Re: Two questions about Esperanto
From: | Ray Brown <ray.brown@...> |
Date: | Thursday, July 8, 2004, 19:24 |
On Wednesday, July 7, 2004, at 09:40 , Philippe Caquant wrote:
> Seems there is a very simple way to go around those
> Esperanto 'special letters', it's to use just 'x'
> after the letter, meaning there should be an accent on
> it
[snip]]
> ............ I of course prefer the
> accentuated Esperanto writing, there is more style in
> it, IMO,
As you observe with 'IMO', it is a purely subjective matter.
> but that's only detail.
Yep.
> ............... My God, when shall we be
> adults at last ?
Dunno - haven't a clue what you're getting at here by suggesting some of
us aren't adults.
> --- Ray Brown <ray.brown@...> wrote:
>> On Tuesday, July 6, 2004, at 09:13 , Philippe
>> Caquant wrote:
>
[snip]
>>> The real problem is to change mentalities and
>>> politics. [STOP ! YOU'RE ENTERING FORBIDDEN ZONE
>>> !]
>> Maybe we'd best leave the circumflexed consonants
>> alone. I think the
>> replies about the use of h^ ~ hh ~ hx have shown
>> what, in practice, is
>> going on in the Esperanto community.
Oh well - if Philippe wants to continue the discussion after all.........
...
=========================================================================
===
On Wednesday, July 7, 2004, at 09:22 , Mark J. Reed wrote:
> On Wed, Jul 07, 2004 at 08:53:23PM +0100, Ray Brown wrote:
>> No, they're not. AFAIK Esperanto alone puts circumflex accents on
>> consonants.
>
> I think there are a few cases where other languages use circumflexes on
> letters we traditionally think of as "consonants" but which can be
> syllabic in that language . . . e.g. <r>.

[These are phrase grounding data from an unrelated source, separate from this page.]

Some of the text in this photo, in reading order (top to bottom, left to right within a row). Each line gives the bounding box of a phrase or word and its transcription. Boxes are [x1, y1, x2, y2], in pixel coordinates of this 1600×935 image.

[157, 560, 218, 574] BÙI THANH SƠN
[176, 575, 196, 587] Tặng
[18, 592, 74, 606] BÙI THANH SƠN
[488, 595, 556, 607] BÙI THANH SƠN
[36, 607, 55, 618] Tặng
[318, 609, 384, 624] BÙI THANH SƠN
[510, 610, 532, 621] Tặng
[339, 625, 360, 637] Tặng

But syllabic |r| is not a consonant. If a language uses the circumflex in
something like its original use, i.e. to denote high pitch falling to low
pitch on the same vowel, and it has /r/ as syllable nucleus, then of
course we'd expect the circumflex to fall on |r| sometimes. But I was
talking about true consonants. AFAIK Esperanto is the only language that
pits circumflexes on true consonants.
>>> I don't see it. The "Fundamento de
>>> Esperanto" itself allows you to use digraphs with h instead of the
>>> circumflexed letters
>>
>> It does indeed. But for some reason Esperantists in practice do not seem
>> to like this. Even on the Internet the combos cx, hx, jx etc seemed to be
>> preferred to ch, hh, jh etc. I don't know why.
>
> Because the digraphs with h are ambiguous: does <ch> mean <ĉ> or an
> un-circumflexed <c> followed by an <h>? The instances where this sort
> of distinction causes genuine ambiguity are rare, but they do occur.
This is stranger & stranger. The Fundamento (which I've known some
Esperanto fundamentalists treat as tho it were holy writ) actually allows
what is potentially ambiguous, but this is not like by many Esperantists!

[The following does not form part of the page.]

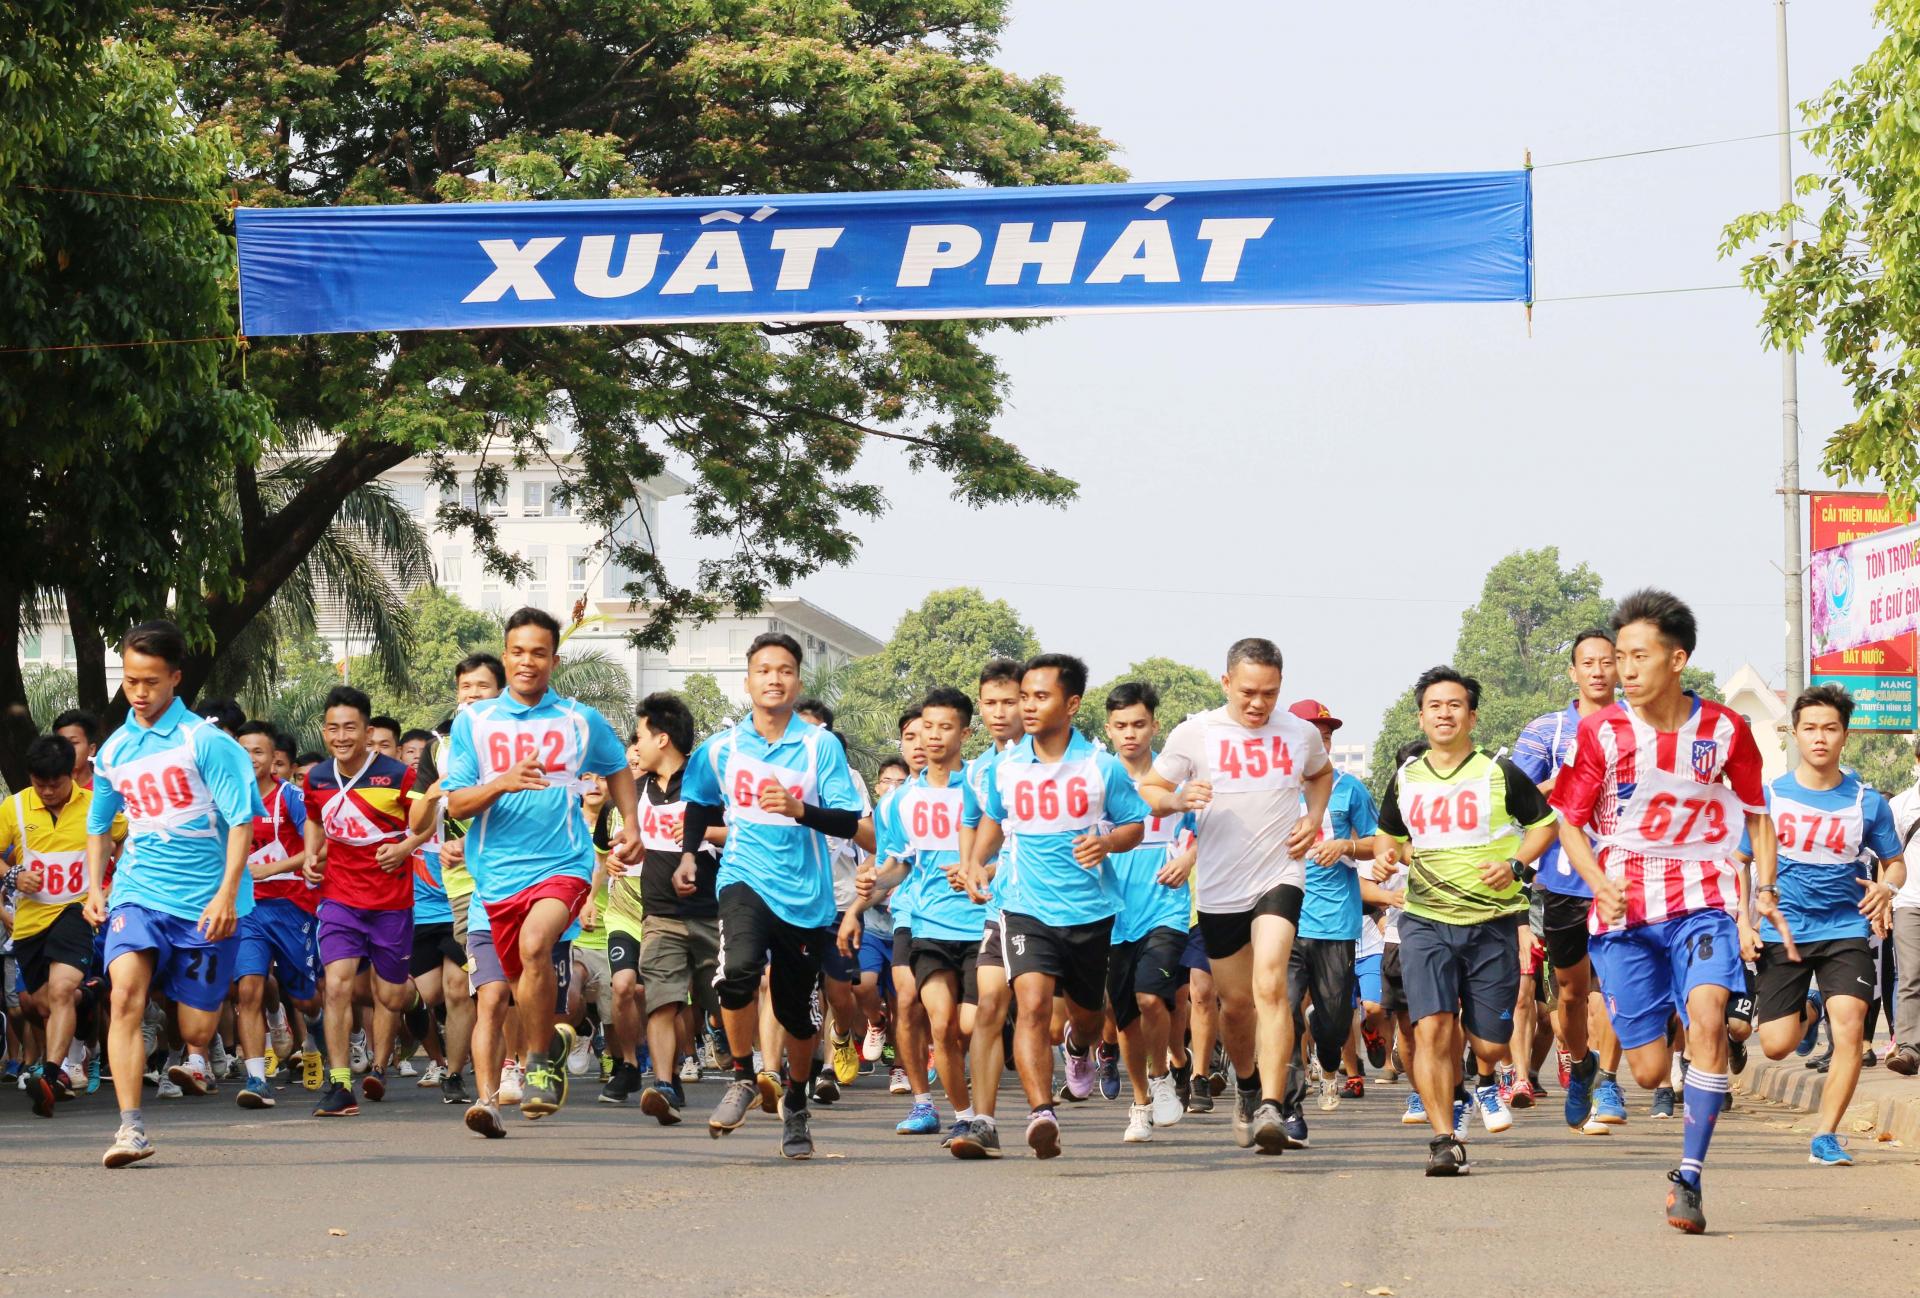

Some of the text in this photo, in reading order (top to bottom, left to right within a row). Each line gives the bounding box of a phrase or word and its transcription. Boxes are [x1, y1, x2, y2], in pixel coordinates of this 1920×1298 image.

"Curiouser & curiouser" as Alice said.
> The use of <x> avoids any possibility of such ambiguity, because <x> is
> not a letter in the Esperanto alphabet.
True - but see below.
=============================================================
On Wednesday, July 7, 2004, at 09:12 , Nik Taylor wrote:
[snip]
> Ambiguity. Since "h" is an independent letter, there are occasional
> compound words that have clusters like "ch" or "sh". Though, I don't
> know why they don't just introduce the apostrophe to distinguish /sh/
> (s'h) from /S/ (sh) if they're so concerned about ambiguity.
Indeed - or even use |s| = /s/ and |x| = /S/.

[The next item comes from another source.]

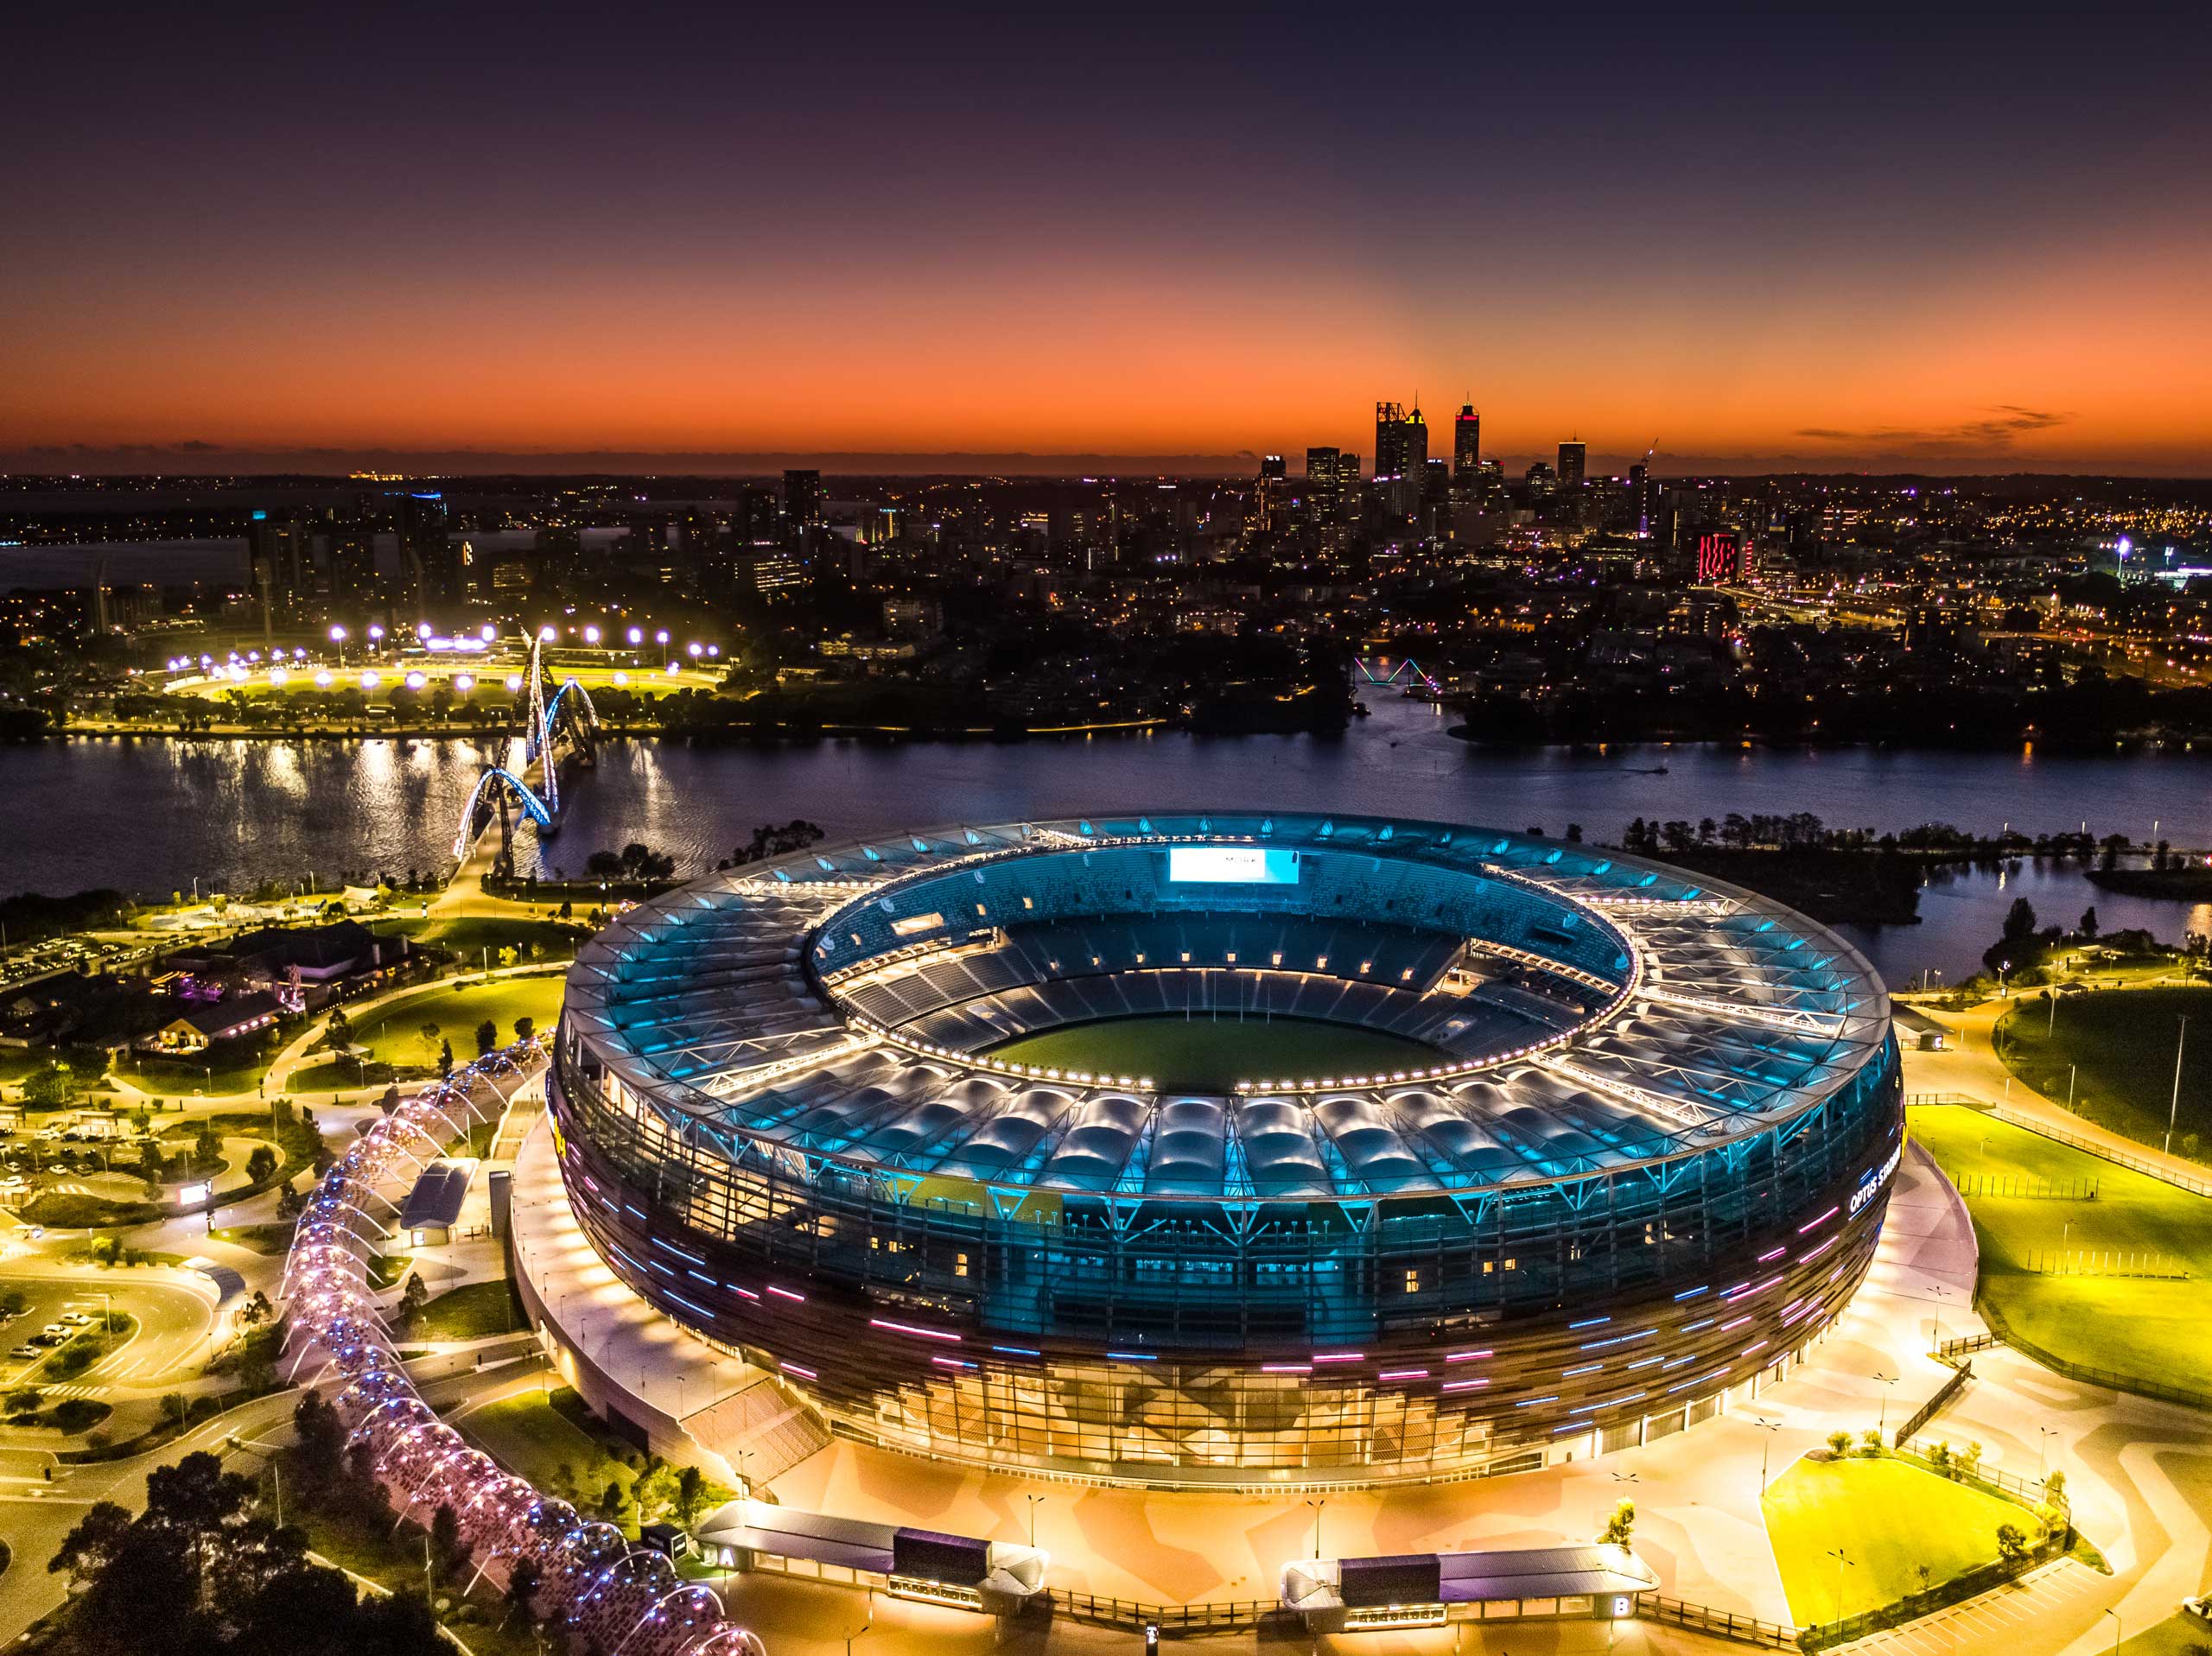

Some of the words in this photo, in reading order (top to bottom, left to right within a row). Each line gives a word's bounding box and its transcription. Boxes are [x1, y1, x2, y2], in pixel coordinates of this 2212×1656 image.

[1850, 1176, 1878, 1213] OPTUS
[1878, 1143, 1901, 1187] STADIUM
[1614, 1597, 1629, 1616] B

It vaguely amuses me that Esperanto dispensed with |q|, |w|, |y| and |x|,
bringing the total number of letters to 22, then adds 5 accented
consonants and one accented vowel to bring the number up to 28. As they
say in the north of England: "There's nowt so queer as folk".
===============================================================
On Wednesday, July 7, 2004, at 09:58 , Mark J. Reed wrote:
> On Wed, Jul 07, 2004 at 01:40:59PM -0700, Philippe Caquant wrote:
>> Seems there is a very simple way to go around those
>> Esperanto 'special letters', it's to use just 'x'
>> after the letter, meaning there should be an accent on
>> it (circumflex, but also that sort of small u, like in
>> 'antau', I don't know how it is called):
>
> In English, it's called a "breve". The dictionaries give the
> pronunciation as either /br\Ev/ or /br\iv/, but I've often heard it
> pronounced /'brE.ve/,
Always /briv/ this side of the pond IME. It's traditional use was to
denote a short vowel, tho it has occasionally been given other uses.
But, er, why, if Esperanto felt it necessary to have a letter to denote /w/
, didn't it just use |w|? Just puzzled.
Ray
===============================================
http://home.freeuk.com/ray.brown
ray.brown@freeuk.com (home)
raymond.brown@kingston-college.ac.uk (work)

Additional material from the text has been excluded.